Apparatus for Heating Non-Coated Portion of Foil

This application claims benefit of priority to Korean Patent Application No. 10-2024-0057289 filed on Apr. 30, 2024 in the Korean Intellectual Property Office, the disclosure of which is incorporated herein by reference in its entirety.

The present disclosure generally relates to an apparatus for heating a non-coated portion of foil.

Generally, a process of manufacturing a battery may include an electrode coating process and an electrode rolling process. The electrode coating process may be a process of producing an electrode sheet including a coated portion and a non-coated portion by coating a portion of metal foil with an electrode material (electrode active material). The electrode rolling process may be a process of rolling the electrode sheet to appropriately reduce a thickness of the electrode sheet including a coated portion and a non-coated portion.

Generally, in an electrode rolling process, when rolling an electrode sheet, fractures such as thermal wrinkles, cracks, or tears may occur in the electrode sheet due to a difference in an elongation rate between a coated portion and a non-coated portion of the electrode sheet. In order to prevent this disadvantage, a process of heating the non-coated portion of the electrode sheet may be necessary before the electrode rolling process.

The method of heating a non-coated portion may be adopted as a method of controlling a heating temperature based only on a speed of a rolling roll of the electrode rolling process. However, when the heating method is adopted, a difference in elongation rates of foil types, which may be different from each other, may not be reflected, and an appropriate heating temperature may not be formed for each foil type, such that fractures may occur in the electrode sheet.

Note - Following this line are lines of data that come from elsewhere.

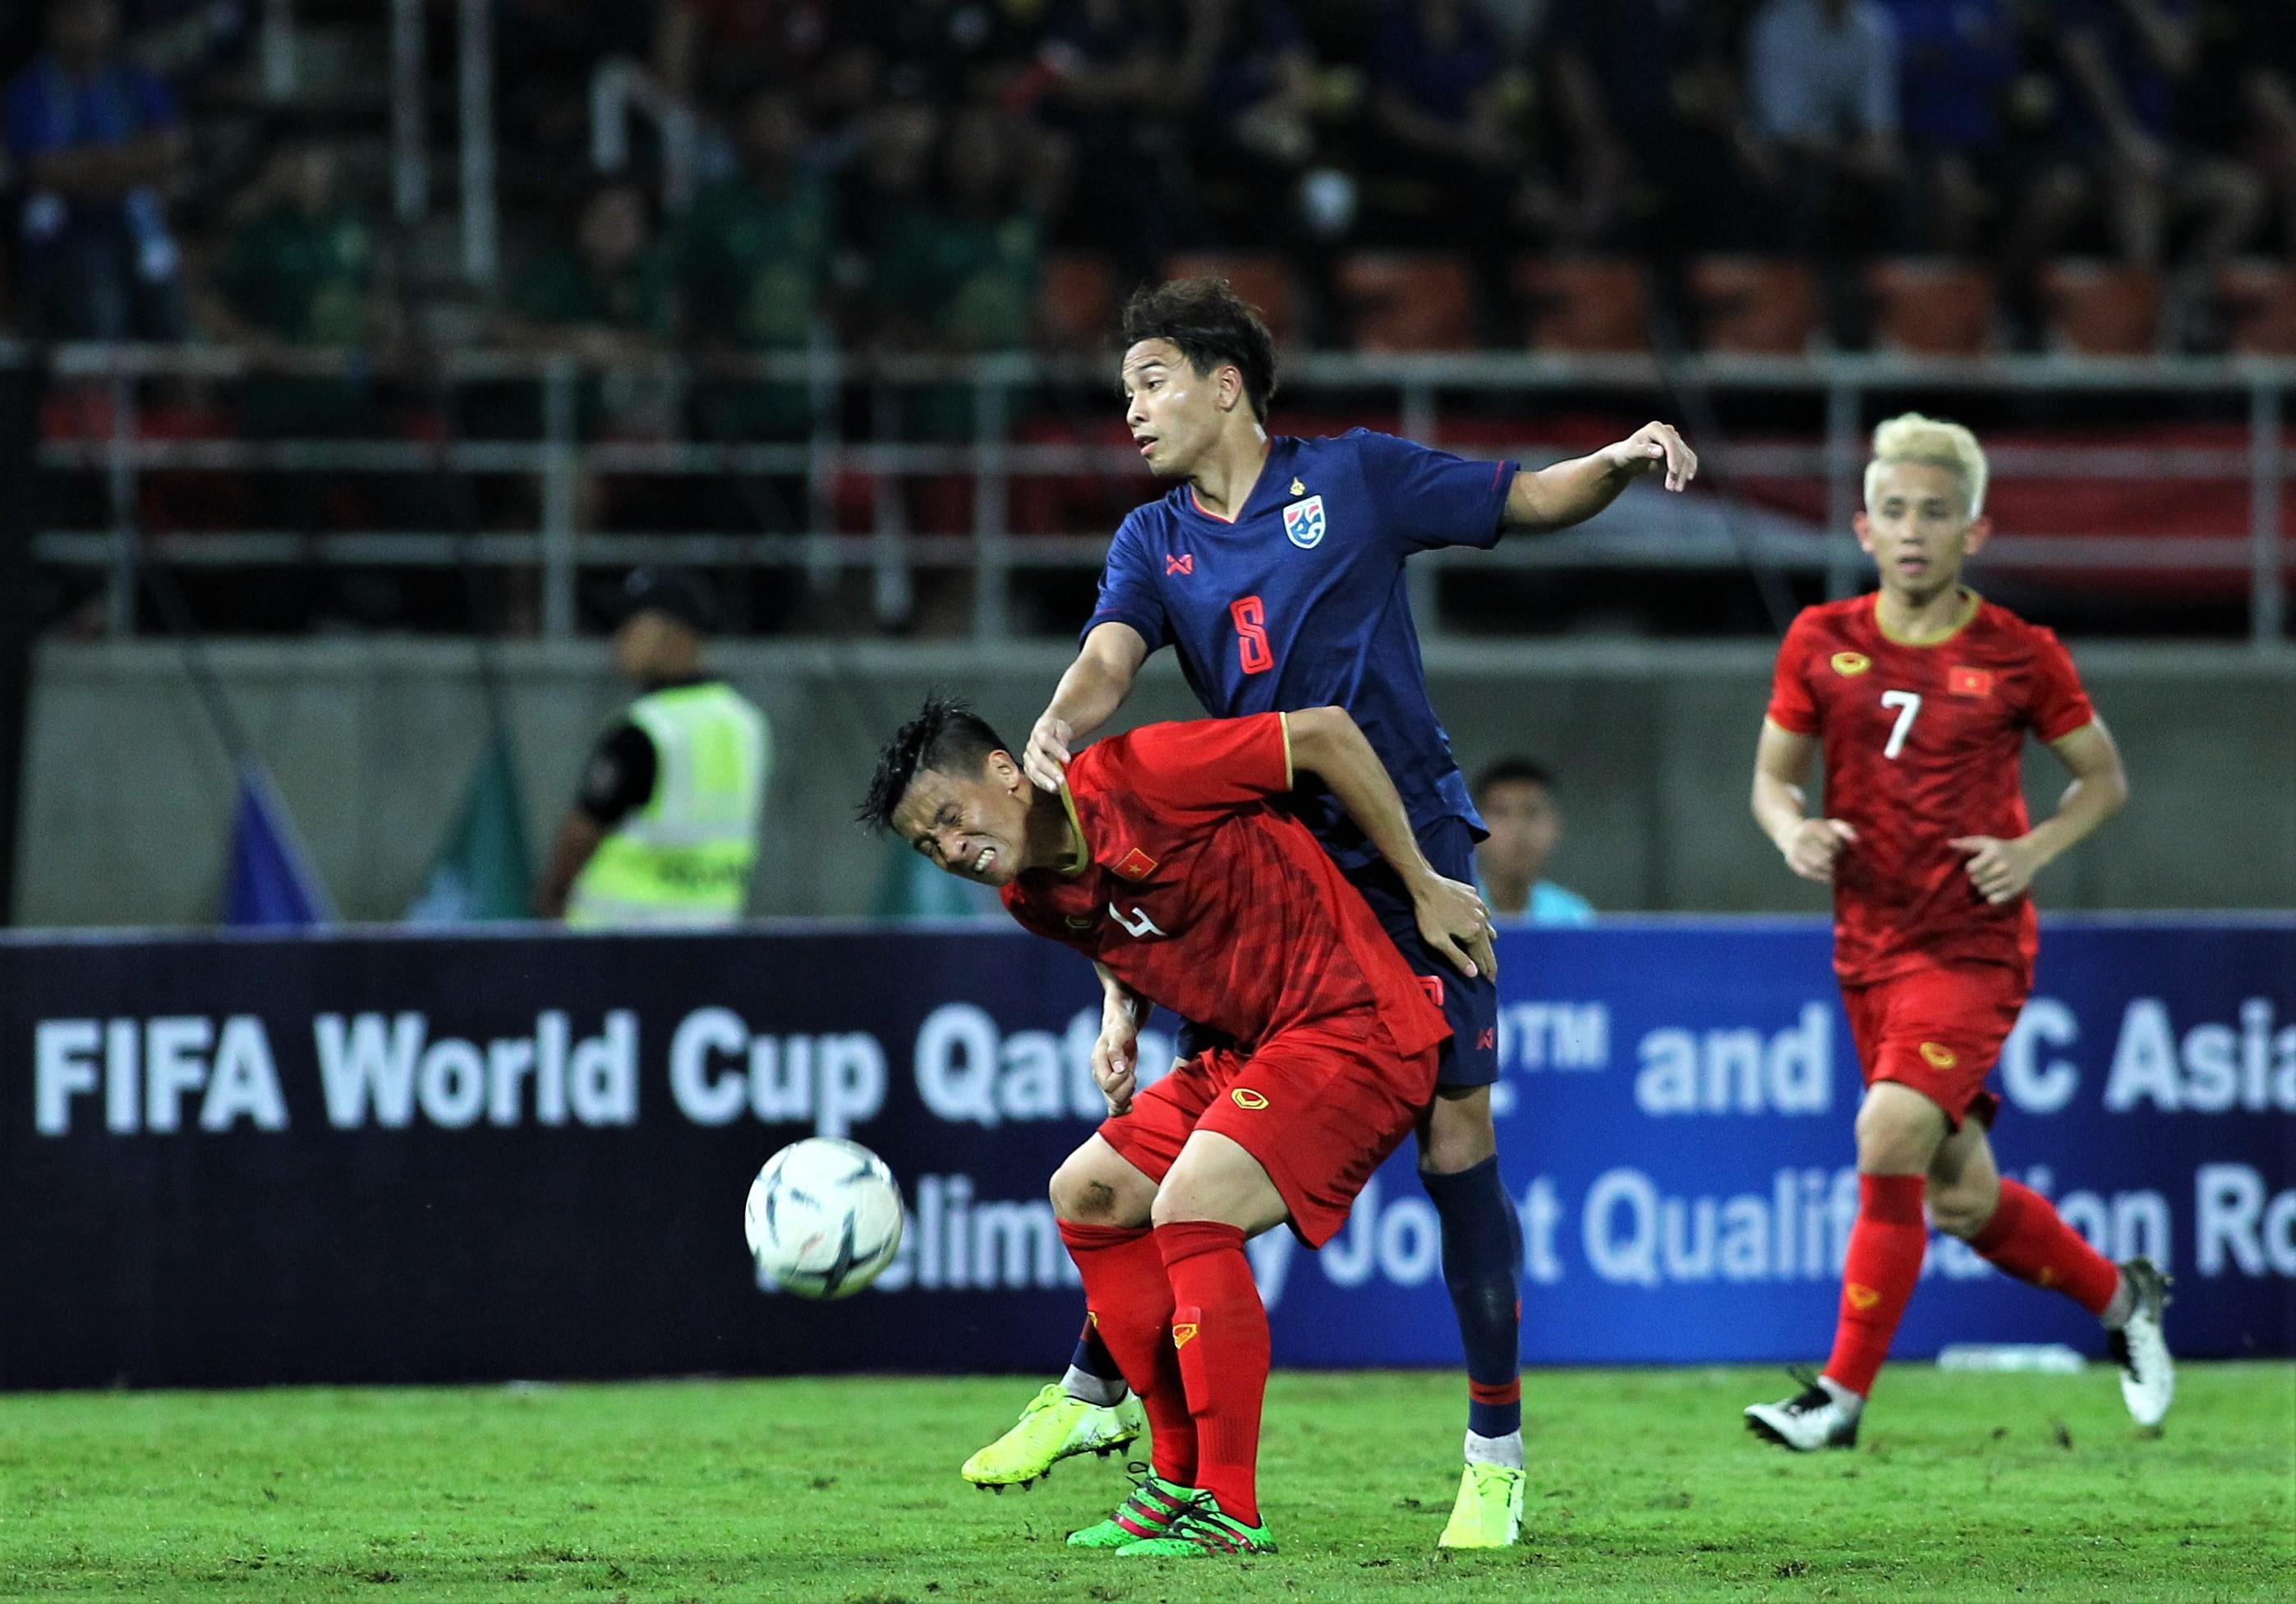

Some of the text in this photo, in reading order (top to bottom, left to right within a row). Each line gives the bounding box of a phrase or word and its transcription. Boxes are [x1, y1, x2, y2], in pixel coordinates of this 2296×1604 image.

[1230, 595, 1274, 674] 8
[1880, 690, 1921, 759] 7
[1109, 902, 1166, 937] 4
[35, 1015, 288, 1135] FIFA
[313, 1009, 638, 1128] World
[669, 1006, 887, 1138] Cup
[913, 1002, 1178, 1125] Qat
[1633, 1000, 1834, 1117] and
[1321, 1173, 1564, 1286] Jot
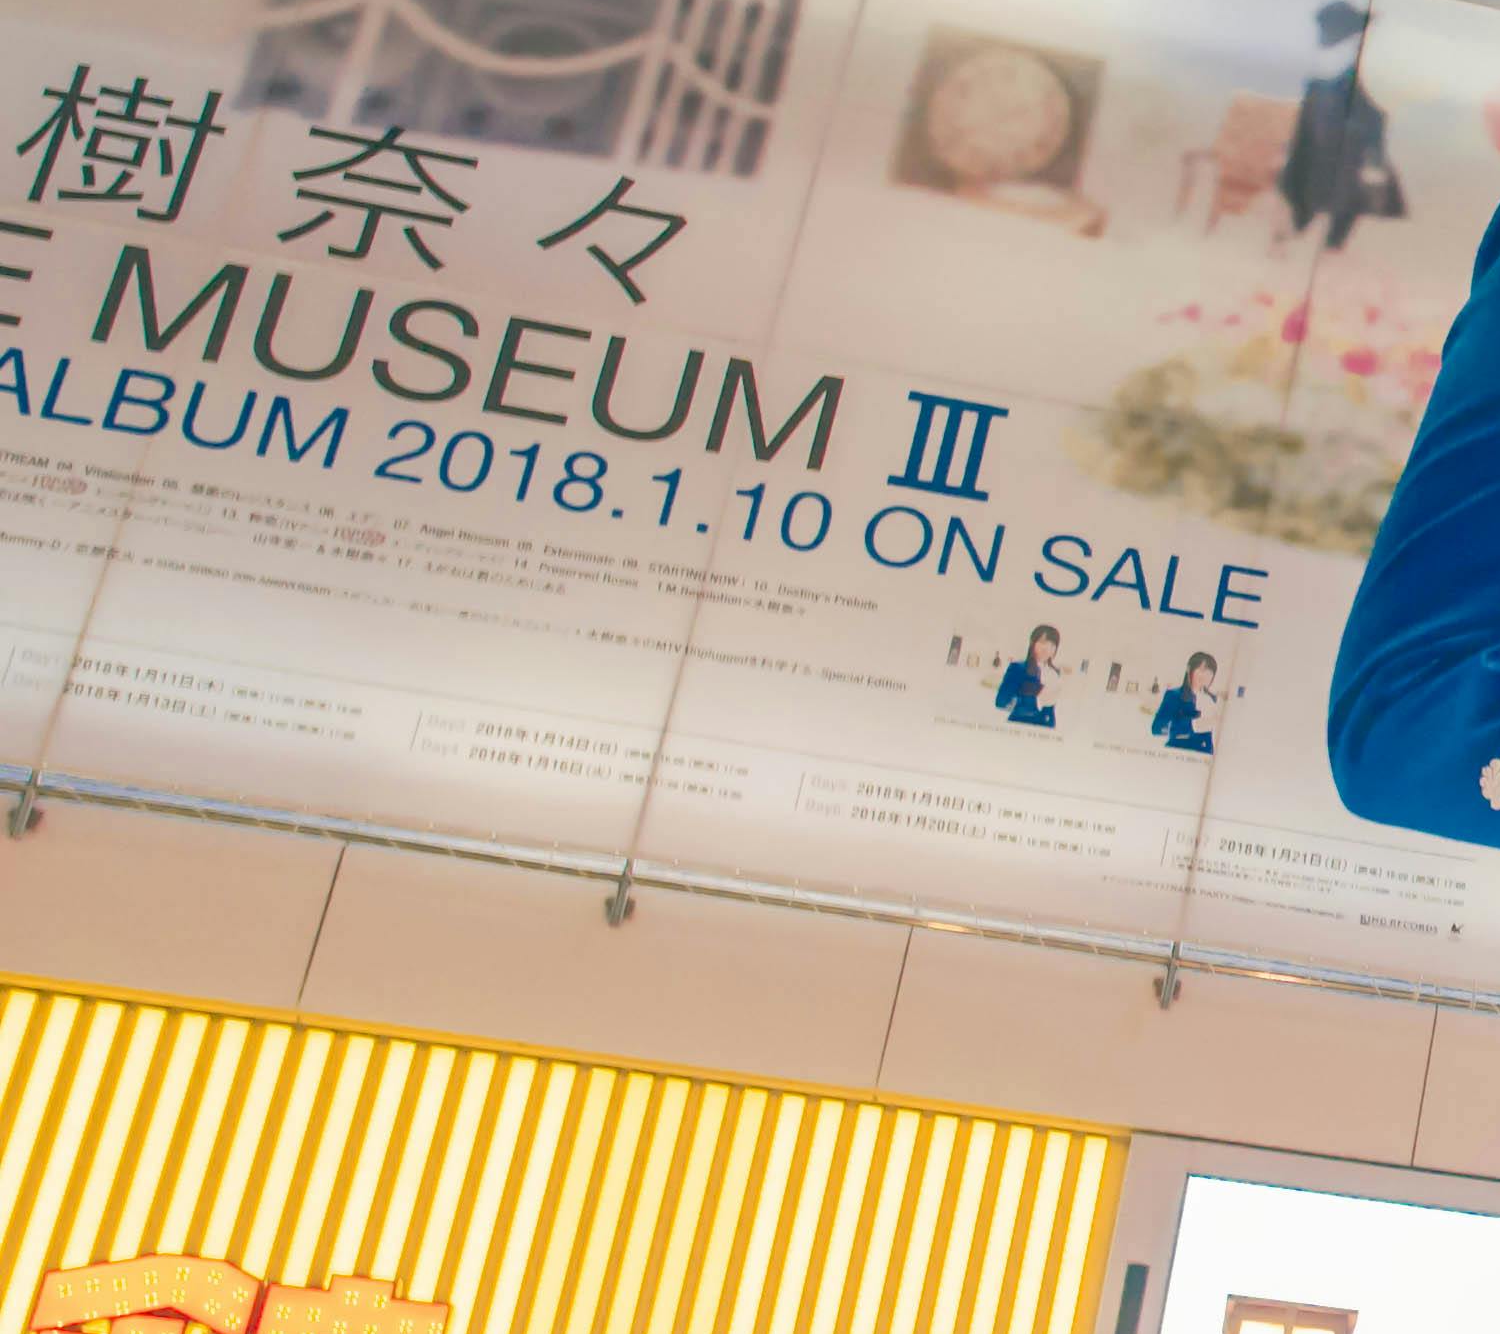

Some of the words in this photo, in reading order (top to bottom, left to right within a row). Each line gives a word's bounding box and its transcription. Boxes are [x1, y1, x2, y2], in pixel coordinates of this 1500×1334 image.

[0, 340, 353, 474] ALBUM
[373, 413, 834, 555] 2018.1.10
[864, 503, 1006, 584] ON
[1034, 533, 1270, 629] SALE
[91, 240, 845, 478] MUSEUM

An embodiment of the present disclosure is to provide an apparatus for heating a non-coated portion of foil which may control a heating temperature of a non-coated portion differently depending on types of an electrode foil in order to address the issue of fracture of an electrode sheet occurring in an electrode rolling process.

A battery which may use an apparatus for heating a non-coated portion of foil in an electrode rolling process may be widely applied in green technology fields such as an electric vehicle, a battery charging station, and a solar power generation and wind power generation using batteries. Also, the battery which may use an apparatus for heating a non-coated portion of foil in an electrode rolling process may be used in an eco-friendly electric vehicle, a hybrid vehicle, or the like, to ameliorate the effects of climate change by suppressing air pollution and greenhouse gas emissions.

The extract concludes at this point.